#### Task to complete:
Repeat the entries that follow verbatim, without any of their pictures.

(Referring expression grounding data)

----

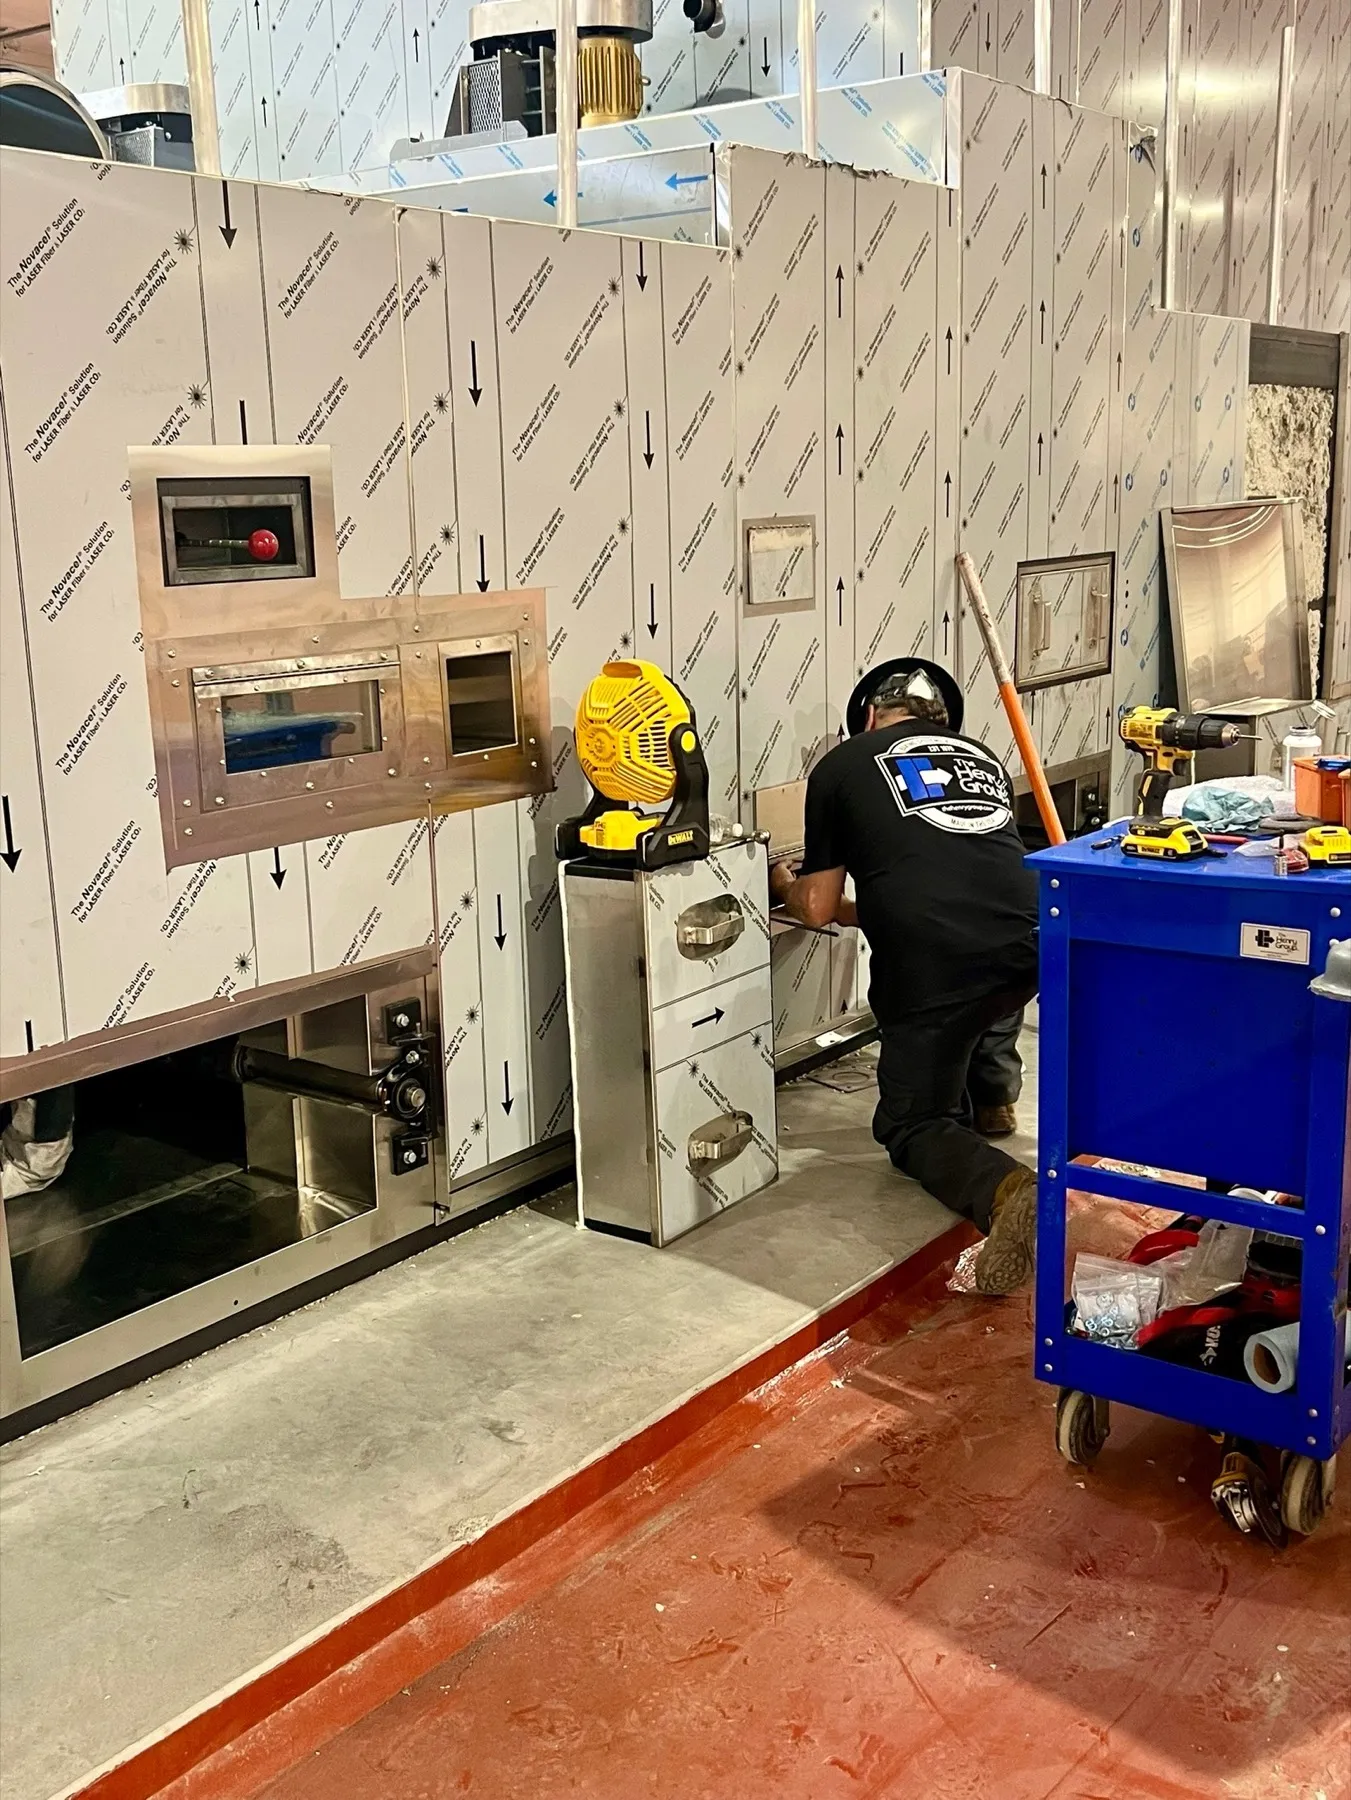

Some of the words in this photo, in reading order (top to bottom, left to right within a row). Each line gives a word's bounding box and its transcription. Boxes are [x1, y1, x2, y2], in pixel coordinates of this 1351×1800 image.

[7, 272, 22, 287] The
[51, 198, 78, 230] Solution
[161, 248, 170, 260] for
[15, 284, 25, 297] for
[23, 262, 43, 287] LASER
[40, 245, 55, 265] Fiber
[56, 219, 75, 243] LASER
[145, 258, 163, 281] LASER
[164, 257, 178, 272] The
[277, 296, 289, 310] The
[313, 231, 333, 259] Solution
[134, 279, 148, 297] Fiber
[283, 307, 292, 319] for
[290, 288, 306, 309] LASER
[303, 273, 315, 290] Fiber
[316, 250, 331, 271] LASER
[115, 300, 133, 323] LASER
[113, 313, 137, 343] Solution
[323, 376, 343, 404] Solution
[24, 438, 39, 453] The
[68, 362, 94, 394] Solution
[174, 404, 183, 416] for
[177, 413, 190, 427] The
[313, 418, 325, 435] Fiber
[326, 394, 341, 415] LASER
[32, 450, 42, 462] for
[39, 427, 59, 452] LASER
[56, 410, 71, 429] Fiber
[72, 383, 91, 407] LASER
[159, 414, 177, 437] LASER
[336, 515, 352, 540] olution
[39, 598, 54, 613] The
[82, 521, 107, 553] Solution
[47, 609, 57, 622] for
[54, 587, 74, 611] LASER
[71, 568, 86, 588] Fiber
[87, 541, 105, 565] LASER
[55, 752, 69, 767] The
[97, 673, 121, 706] Solution
[62, 763, 72, 775] for
[69, 740, 88, 764] LASER
[85, 721, 100, 741] Fiber
[101, 693, 119, 717] LASER
[953, 758, 976, 767] The
[70, 901, 84, 916] The
[111, 820, 135, 853] Solution
[317, 850, 328, 863] The
[323, 859, 331, 870] for
[329, 838, 343, 860] LASER
[78, 910, 87, 923] for
[85, 887, 103, 911] LASER
[100, 868, 114, 887] Fiber
[115, 840, 133, 864] LASER
[186, 873, 199, 892] Fiber
[169, 896, 185, 919] LASER
[358, 906, 377, 935] Solution
[167, 906, 189, 938] Solution
[349, 948, 360, 965] Fiber
[361, 923, 375, 944] LASER
[1275, 942, 1298, 951] Group
[1276, 936, 1298, 945] Henry
[124, 962, 149, 995] Solution
[222, 975, 230, 986] for
[224, 981, 236, 995] The
[128, 981, 146, 1005] LASER

----

#### Task result:
Some of the words in this photo, in reading order (top to bottom, left to right within a row). Each line gives a word's bounding box and its transcription. Boxes are [x1, y1, x2, y2], in pixel coordinates of this 1351×1800 image.

[7, 272, 22, 287] The
[51, 198, 78, 230] Solution
[161, 248, 170, 260] for
[15, 284, 25, 297] for
[23, 262, 43, 287] LASER
[40, 245, 55, 265] Fiber
[56, 219, 75, 243] LASER
[145, 258, 163, 281] LASER
[164, 257, 178, 272] The
[277, 296, 289, 310] The
[313, 231, 333, 259] Solution
[134, 279, 148, 297] Fiber
[283, 307, 292, 319] for
[290, 288, 306, 309] LASER
[303, 273, 315, 290] Fiber
[316, 250, 331, 271] LASER
[115, 300, 133, 323] LASER
[113, 313, 137, 343] Solution
[323, 376, 343, 404] Solution
[24, 438, 39, 453] The
[68, 362, 94, 394] Solution
[174, 404, 183, 416] for
[177, 413, 190, 427] The
[313, 418, 325, 435] Fiber
[326, 394, 341, 415] LASER
[32, 450, 42, 462] for
[39, 427, 59, 452] LASER
[56, 410, 71, 429] Fiber
[72, 383, 91, 407] LASER
[159, 414, 177, 437] LASER
[336, 515, 352, 540] olution
[39, 598, 54, 613] The
[82, 521, 107, 553] Solution
[47, 609, 57, 622] for
[54, 587, 74, 611] LASER
[71, 568, 86, 588] Fiber
[87, 541, 105, 565] LASER
[55, 752, 69, 767] The
[97, 673, 121, 706] Solution
[62, 763, 72, 775] for
[69, 740, 88, 764] LASER
[85, 721, 100, 741] Fiber
[101, 693, 119, 717] LASER
[953, 758, 976, 767] The
[70, 901, 84, 916] The
[111, 820, 135, 853] Solution
[317, 850, 328, 863] The
[323, 859, 331, 870] for
[329, 838, 343, 860] LASER
[78, 910, 87, 923] for
[85, 887, 103, 911] LASER
[100, 868, 114, 887] Fiber
[115, 840, 133, 864] LASER
[186, 873, 199, 892] Fiber
[169, 896, 185, 919] LASER
[358, 906, 377, 935] Solution
[167, 906, 189, 938] Solution
[349, 948, 360, 965] Fiber
[361, 923, 375, 944] LASER
[1275, 942, 1298, 951] Group
[1276, 936, 1298, 945] Henry
[124, 962, 149, 995] Solution
[222, 975, 230, 986] for
[224, 981, 236, 995] The
[128, 981, 146, 1005] LASER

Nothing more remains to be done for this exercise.